Provided material ::
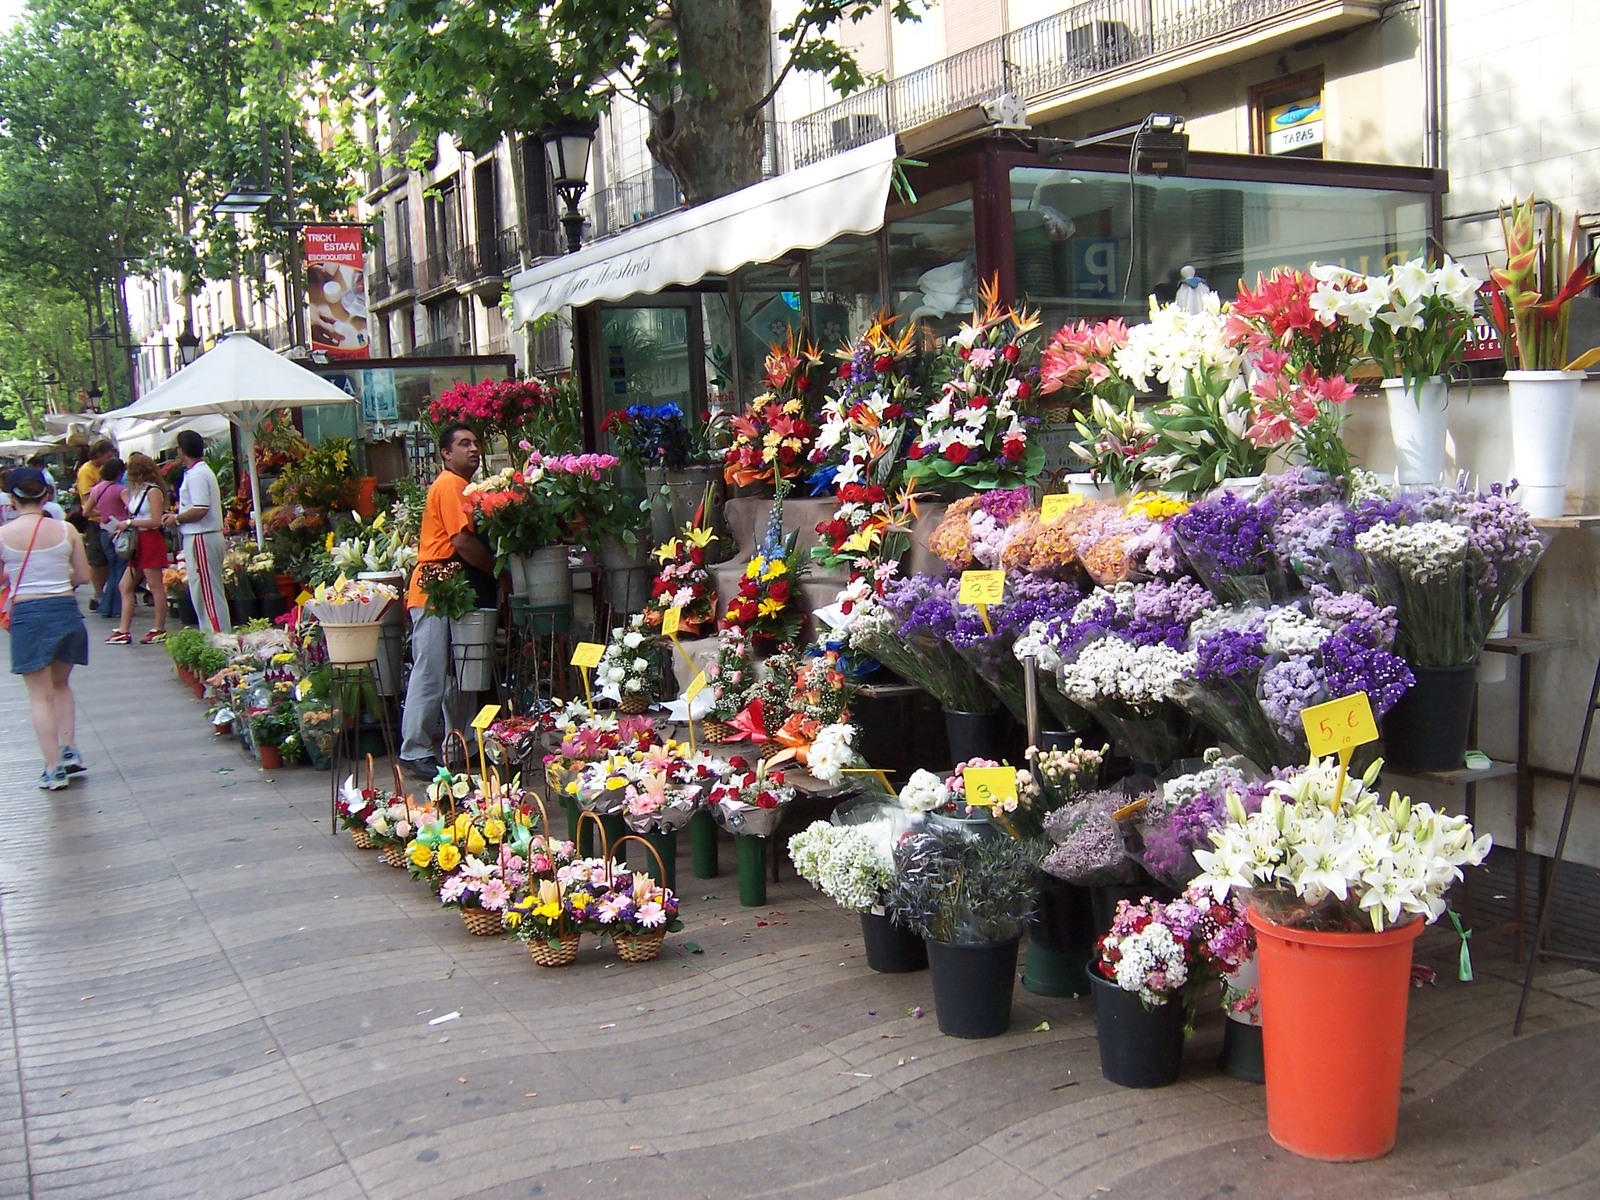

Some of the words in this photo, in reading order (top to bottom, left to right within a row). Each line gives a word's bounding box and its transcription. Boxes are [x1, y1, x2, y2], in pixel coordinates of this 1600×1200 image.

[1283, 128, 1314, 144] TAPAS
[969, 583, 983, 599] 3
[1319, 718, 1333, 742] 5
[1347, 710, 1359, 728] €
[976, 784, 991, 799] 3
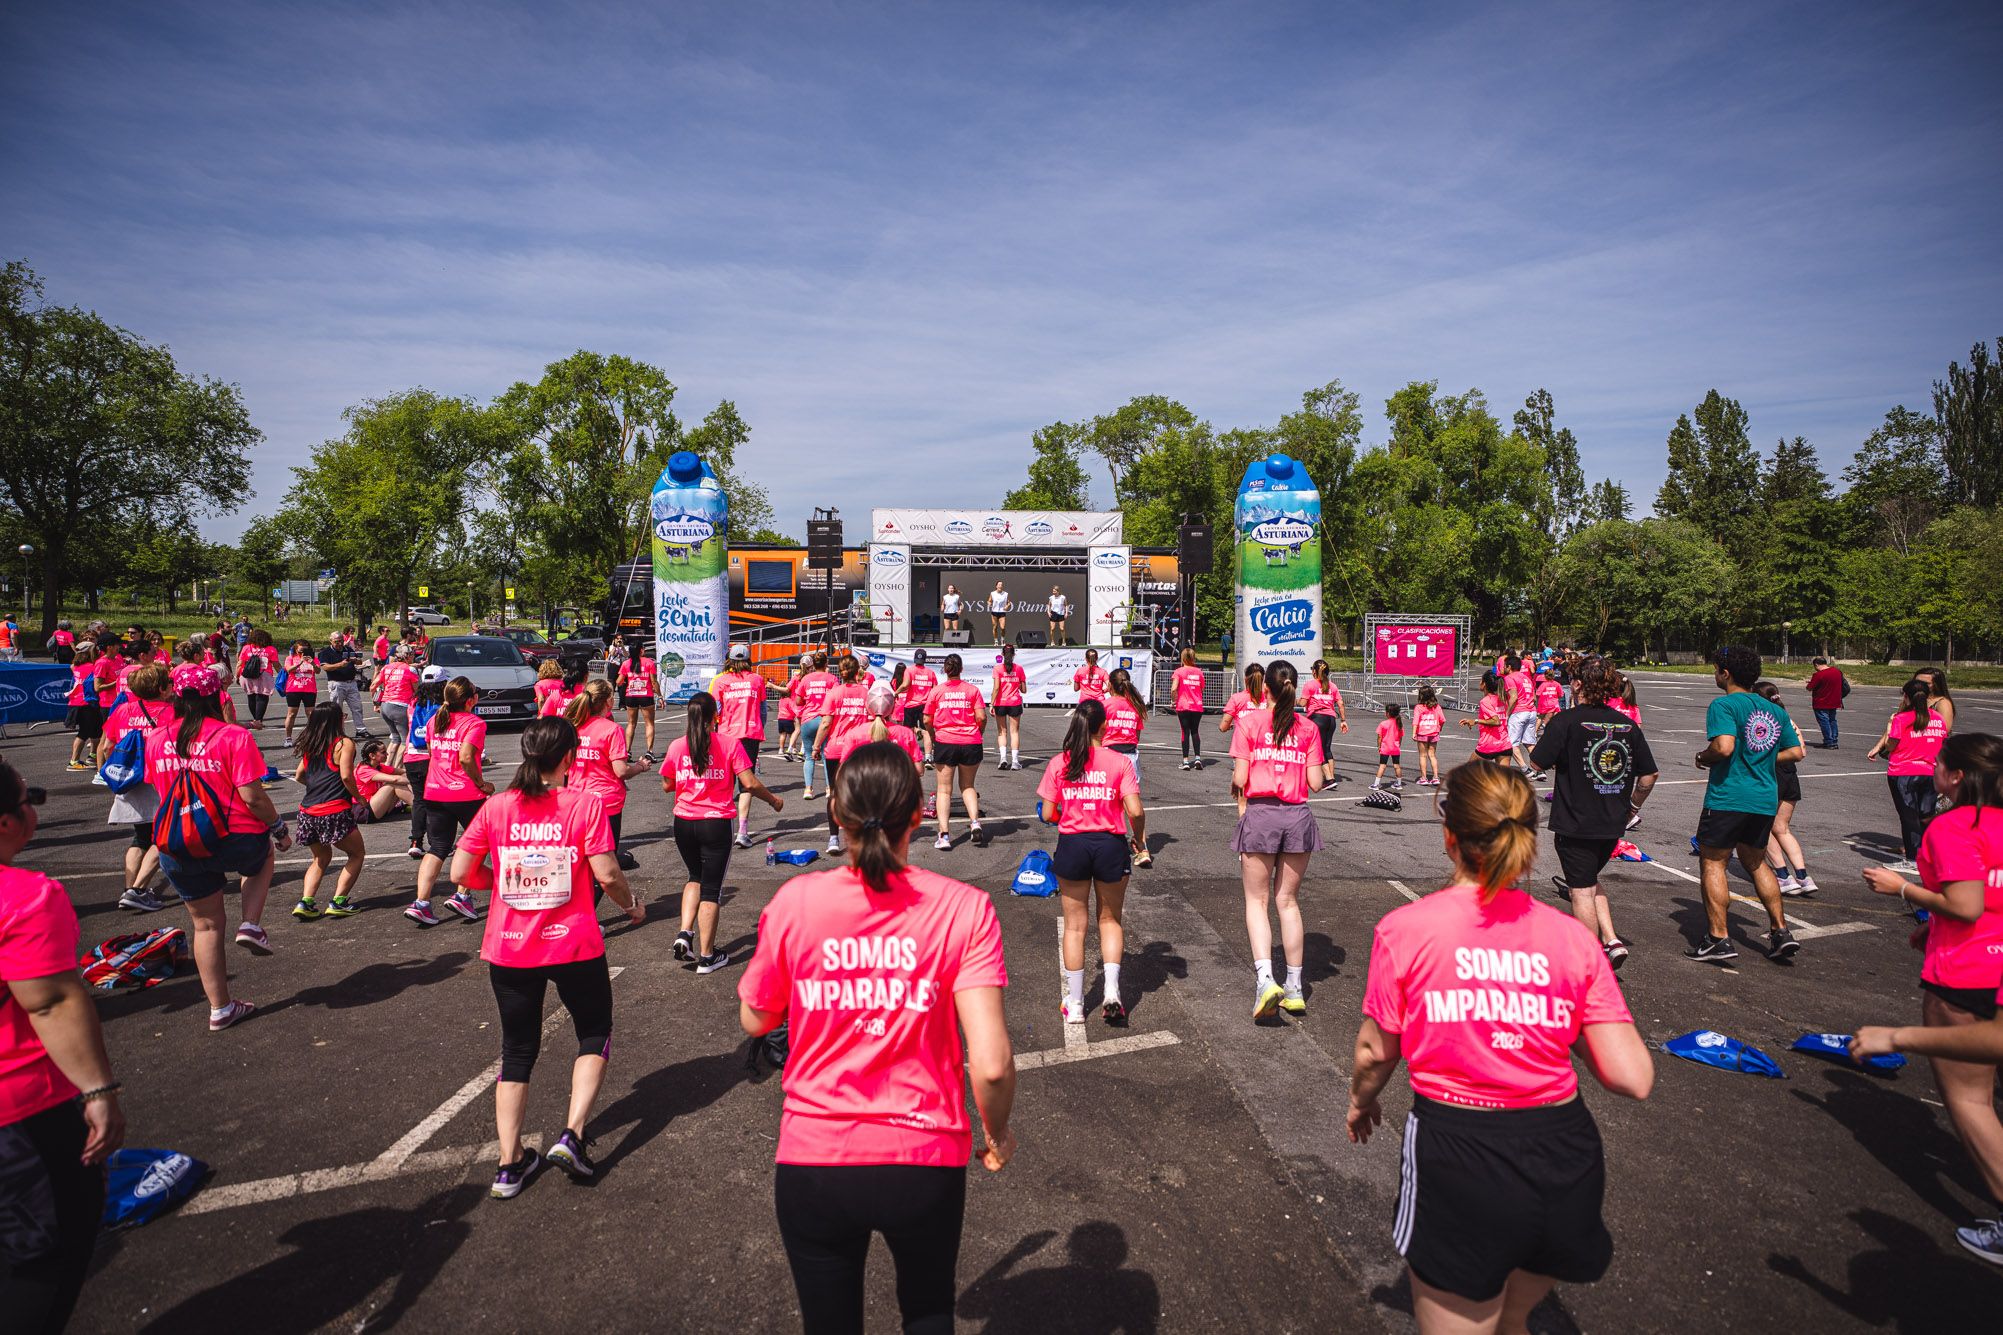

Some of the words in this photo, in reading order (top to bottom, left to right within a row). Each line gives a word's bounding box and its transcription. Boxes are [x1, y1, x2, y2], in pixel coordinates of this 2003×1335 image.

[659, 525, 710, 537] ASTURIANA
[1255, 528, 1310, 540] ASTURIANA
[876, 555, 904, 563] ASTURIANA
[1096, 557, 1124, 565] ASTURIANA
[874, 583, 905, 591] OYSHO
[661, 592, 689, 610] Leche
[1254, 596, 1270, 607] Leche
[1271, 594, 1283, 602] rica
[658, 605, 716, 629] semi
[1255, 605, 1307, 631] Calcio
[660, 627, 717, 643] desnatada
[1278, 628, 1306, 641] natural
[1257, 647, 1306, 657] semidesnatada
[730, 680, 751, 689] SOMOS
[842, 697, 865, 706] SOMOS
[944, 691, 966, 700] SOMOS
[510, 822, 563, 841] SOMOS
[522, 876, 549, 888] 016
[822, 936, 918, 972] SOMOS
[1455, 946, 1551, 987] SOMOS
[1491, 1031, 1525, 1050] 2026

What you have to do :: Write out all of the records above. Keep them exact and leave out the pictures.

Exercise output ::
Some of the words in this photo, in reading order (top to bottom, left to right within a row). Each line gives a word's bounding box and its transcription. Boxes are [x1, y1, x2, y2], in pixel coordinates of this 1600×1200 image.

[1283, 128, 1314, 144] TAPAS
[969, 583, 983, 599] 3
[1319, 718, 1333, 742] 5
[1347, 710, 1359, 728] €
[976, 784, 991, 799] 3

Some of the words in this photo, in reading order (top to bottom, left to right within a row). Each line gives a word's bounding box and its transcription. Boxes are [x1, y1, x2, y2], in pixel coordinates of this 2003×1335 image.

[659, 525, 710, 537] ASTURIANA
[1255, 528, 1310, 540] ASTURIANA
[876, 555, 904, 563] ASTURIANA
[1096, 557, 1124, 565] ASTURIANA
[874, 583, 905, 591] OYSHO
[661, 592, 689, 610] Leche
[1254, 596, 1270, 607] Leche
[1271, 594, 1283, 602] rica
[658, 605, 716, 629] semi
[1255, 605, 1307, 631] Calcio
[660, 627, 717, 643] desnatada
[1278, 628, 1306, 641] natural
[1257, 647, 1306, 657] semidesnatada
[730, 680, 751, 689] SOMOS
[842, 697, 865, 706] SOMOS
[944, 691, 966, 700] SOMOS
[510, 822, 563, 841] SOMOS
[522, 876, 549, 888] 016
[822, 936, 918, 972] SOMOS
[1455, 946, 1551, 987] SOMOS
[1491, 1031, 1525, 1050] 2026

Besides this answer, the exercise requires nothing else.